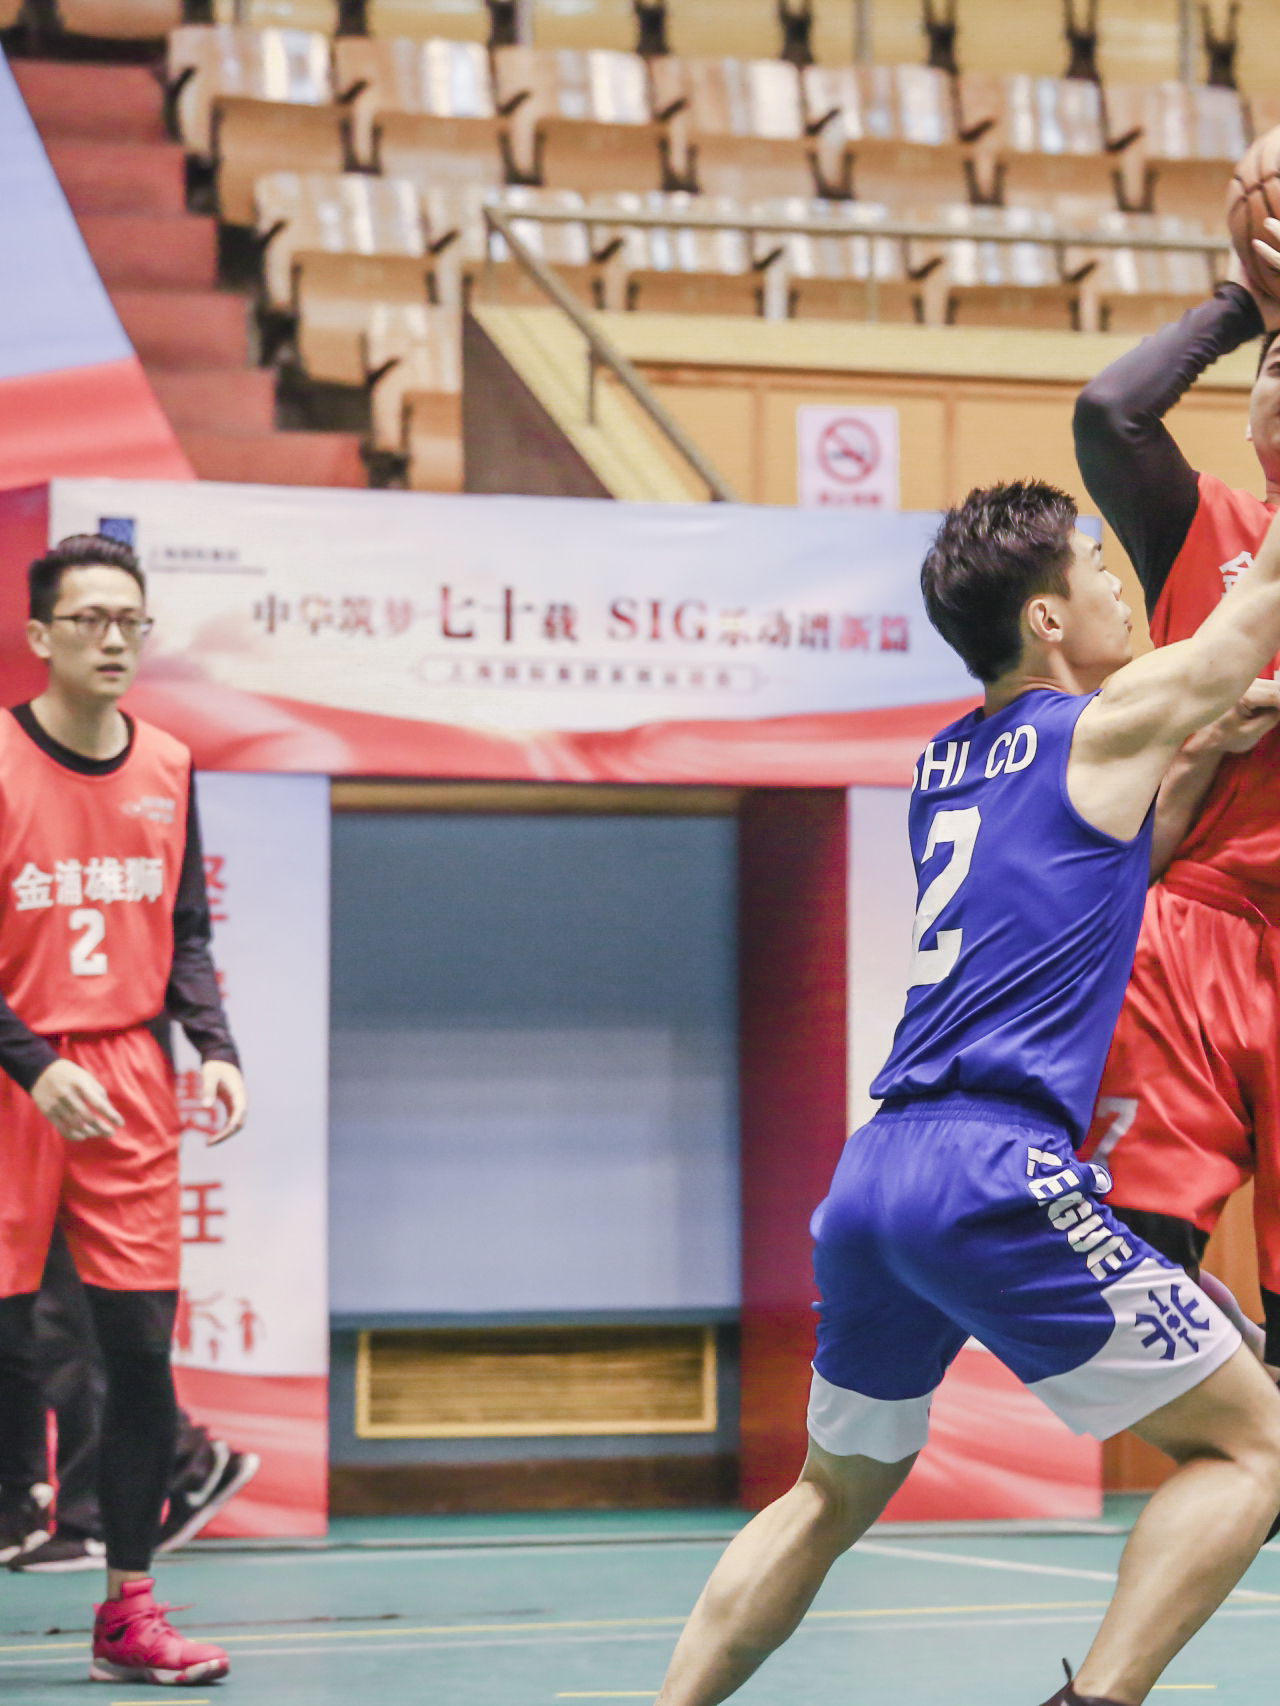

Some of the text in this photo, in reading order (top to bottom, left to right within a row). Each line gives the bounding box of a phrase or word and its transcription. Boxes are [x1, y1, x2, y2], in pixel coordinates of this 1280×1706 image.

[911, 724, 1039, 795] HI CD
[906, 806, 982, 988] 2
[69, 908, 108, 976] 2
[1086, 1096, 1139, 1169] 7

### What is required
Would you reproduce the listing above exactly, without any of its images?

### Reply
Some of the text in this photo, in reading order (top to bottom, left to right within a row). Each line gives the bounding box of a phrase or word and its transcription. Boxes are [x1, y1, x2, y2], in pixel coordinates of this 1280×1706 image.

[911, 724, 1039, 795] HI CD
[906, 806, 982, 988] 2
[69, 908, 108, 976] 2
[1086, 1096, 1139, 1169] 7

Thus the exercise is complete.